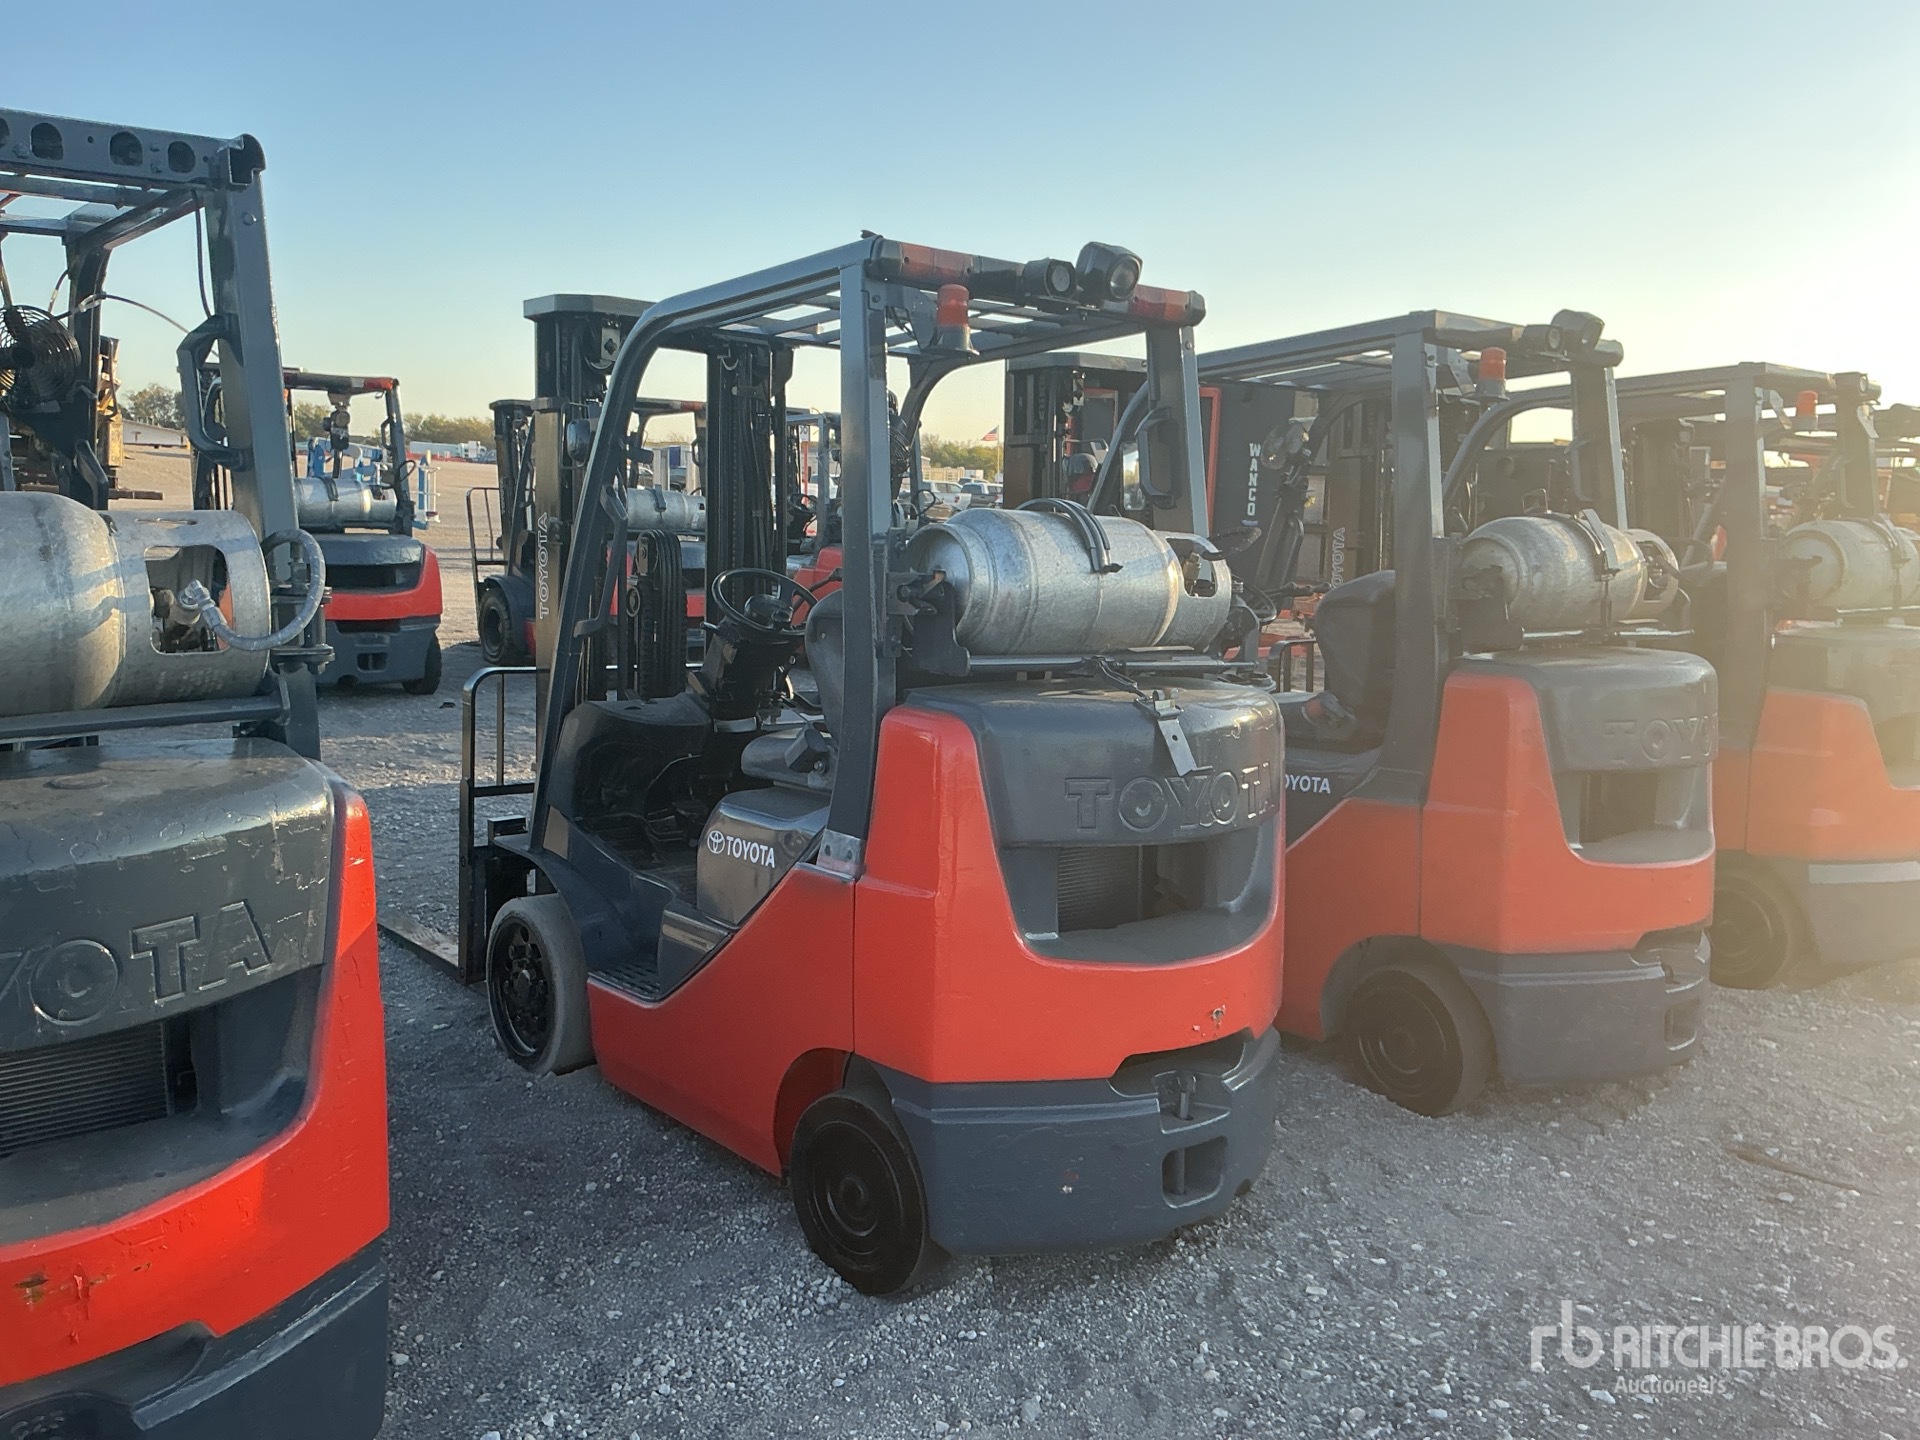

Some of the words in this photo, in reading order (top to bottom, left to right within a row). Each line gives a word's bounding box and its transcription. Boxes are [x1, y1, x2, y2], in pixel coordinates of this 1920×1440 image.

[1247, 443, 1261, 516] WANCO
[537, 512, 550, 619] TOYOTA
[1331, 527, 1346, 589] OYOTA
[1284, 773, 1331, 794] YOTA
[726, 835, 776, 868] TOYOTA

_ _ _ _ _ _ _

* [HOW TO COMPLETE THIS TASK]
Quote every record above exactly, leaving out any pictures.

* [ANSWER FOR THIS EXERCISE]
Some of the words in this photo, in reading order (top to bottom, left to right within a row). Each line gives a word's bounding box and its transcription. Boxes are [x1, y1, x2, y2], in pixel coordinates of this 1920×1440 image.

[1247, 443, 1261, 516] WANCO
[537, 512, 550, 619] TOYOTA
[1331, 527, 1346, 589] OYOTA
[1284, 773, 1331, 794] YOTA
[726, 835, 776, 868] TOYOTA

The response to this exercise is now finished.